Issuance of commercial mortgage-backed securities (CMBS) has increased along with this activity. Issuances in the single-family rental sector doubled last year to $8.3 billion despite the pandemic which hobbled other asset classes.

While the initial entry of Wall Street into the single-family rental business might have been welcomed, their continued presence is less so. National Association of Realtors chief economist Lawrence Yun has frequently mentioned their holdings as one of the reasons for the severe lack of housing inventory. Back in 2017, Fannie Mae announced a "pilot program" in which it provided a $1 billion mortgage and unleashed a storm of protests from NAR and housing advocacy groups. Fannie Mae quickly scuttled the program.

Given the concern over the lack of new home building, especially at entry level, Yun and others are not going to be happy to hear about recent home builder activity. Toll Brothers, in a joint venture with BB Living is investing $60 million into single-family BTRs, working initially in Boise, Dallas, Texas, Houston, and Jacksonville, Florida. ECR Homebuilders is launching an IPO, hoping to raise $100 million for 1,000 BTRs, also in Florida.

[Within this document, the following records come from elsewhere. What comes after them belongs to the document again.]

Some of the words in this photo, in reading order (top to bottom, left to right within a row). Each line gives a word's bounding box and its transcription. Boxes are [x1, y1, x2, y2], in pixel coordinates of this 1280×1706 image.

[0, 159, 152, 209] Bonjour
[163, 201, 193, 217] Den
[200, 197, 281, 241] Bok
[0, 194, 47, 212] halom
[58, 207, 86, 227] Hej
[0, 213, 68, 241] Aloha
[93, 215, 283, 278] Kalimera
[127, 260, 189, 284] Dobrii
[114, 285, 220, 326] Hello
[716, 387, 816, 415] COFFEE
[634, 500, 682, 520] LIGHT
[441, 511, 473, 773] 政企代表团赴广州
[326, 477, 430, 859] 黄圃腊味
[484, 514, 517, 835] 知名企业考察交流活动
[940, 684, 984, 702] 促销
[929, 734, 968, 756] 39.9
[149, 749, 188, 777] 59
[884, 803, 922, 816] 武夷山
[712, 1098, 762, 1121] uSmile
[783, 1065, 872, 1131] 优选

The first project of DH Horton's new subsidiary, DHI Residential is now coming on line near Charlotte, North Carolina. Harrison Trace's homes will have three to five bedrooms, 2.5 to three baths, range from 1,360 to 2,368 sf, and rent for as low as $1,745 per month. They have smart home tech features, stainless steel appliances, and a one- or two-car garage.

It's not clear where this is going. Builders may decide they don't like landlordship and bail out in a few years although, given the congregate form of these homes it might not be easy to sell them individually. The rapid entry of so many entities into the sector may lead to oversupply and dropping profits.  However, BTR probably doesn't bode well for new home inventories in the short run.